What to do: Your answer should be an exact copy of every record.

——

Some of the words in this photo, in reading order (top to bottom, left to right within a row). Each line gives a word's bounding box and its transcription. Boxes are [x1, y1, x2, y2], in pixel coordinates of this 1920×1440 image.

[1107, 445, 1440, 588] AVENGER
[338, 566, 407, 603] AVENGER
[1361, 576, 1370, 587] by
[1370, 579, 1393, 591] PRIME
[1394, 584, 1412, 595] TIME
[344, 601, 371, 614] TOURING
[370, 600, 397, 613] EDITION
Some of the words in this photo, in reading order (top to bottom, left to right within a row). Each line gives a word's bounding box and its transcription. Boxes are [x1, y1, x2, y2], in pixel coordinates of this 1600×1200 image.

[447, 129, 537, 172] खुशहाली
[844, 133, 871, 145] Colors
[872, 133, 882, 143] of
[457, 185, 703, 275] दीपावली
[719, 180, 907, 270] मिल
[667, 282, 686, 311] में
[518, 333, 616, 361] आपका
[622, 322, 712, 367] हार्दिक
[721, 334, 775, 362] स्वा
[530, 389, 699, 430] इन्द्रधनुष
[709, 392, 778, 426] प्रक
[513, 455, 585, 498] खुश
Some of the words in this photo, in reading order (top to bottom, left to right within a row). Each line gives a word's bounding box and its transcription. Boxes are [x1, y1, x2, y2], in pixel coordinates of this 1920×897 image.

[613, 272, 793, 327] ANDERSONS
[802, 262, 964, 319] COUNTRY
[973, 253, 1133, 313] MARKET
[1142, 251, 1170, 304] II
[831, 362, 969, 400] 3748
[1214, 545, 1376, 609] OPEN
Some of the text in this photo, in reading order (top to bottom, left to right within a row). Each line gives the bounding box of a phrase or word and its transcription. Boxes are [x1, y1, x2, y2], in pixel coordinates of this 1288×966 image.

——

Response:
Some of the words in this photo, in reading order (top to bottom, left to right within a row). Each line gives a word's bounding box and its transcription. Boxes are [x1, y1, x2, y2], in pixel coordinates of this 1920×1440 image.

[1107, 445, 1440, 588] AVENGER
[338, 566, 407, 603] AVENGER
[1361, 576, 1370, 587] by
[1370, 579, 1393, 591] PRIME
[1394, 584, 1412, 595] TIME
[344, 601, 371, 614] TOURING
[370, 600, 397, 613] EDITION
Some of the words in this photo, in reading order (top to bottom, left to right within a row). Each line gives a word's bounding box and its transcription. Boxes are [x1, y1, x2, y2], in pixel coordinates of this 1600×1200 image.

[447, 129, 537, 172] खुशहाली
[844, 133, 871, 145] Colors
[872, 133, 882, 143] of
[457, 185, 703, 275] दीपावली
[719, 180, 907, 270] मिल
[667, 282, 686, 311] में
[518, 333, 616, 361] आपका
[622, 322, 712, 367] हार्दिक
[721, 334, 775, 362] स्वा
[530, 389, 699, 430] इन्द्रधनुष
[709, 392, 778, 426] प्रक
[513, 455, 585, 498] खुश
Some of the words in this photo, in reading order (top to bottom, left to right within a row). Each line gives a word's bounding box and its transcription. Boxes are [x1, y1, x2, y2], in pixel coordinates of this 1920×897 image.

[613, 272, 793, 327] ANDERSONS
[802, 262, 964, 319] COUNTRY
[973, 253, 1133, 313] MARKET
[1142, 251, 1170, 304] II
[831, 362, 969, 400] 3748
[1214, 545, 1376, 609] OPEN
Some of the text in this photo, in reading order (top to bottom, left to right within a row). Each line gives the bounding box of a phrase or word and its transcription. Boxes are [x1, y1, x2, y2], in pixel coordinates of this 1288×966 image.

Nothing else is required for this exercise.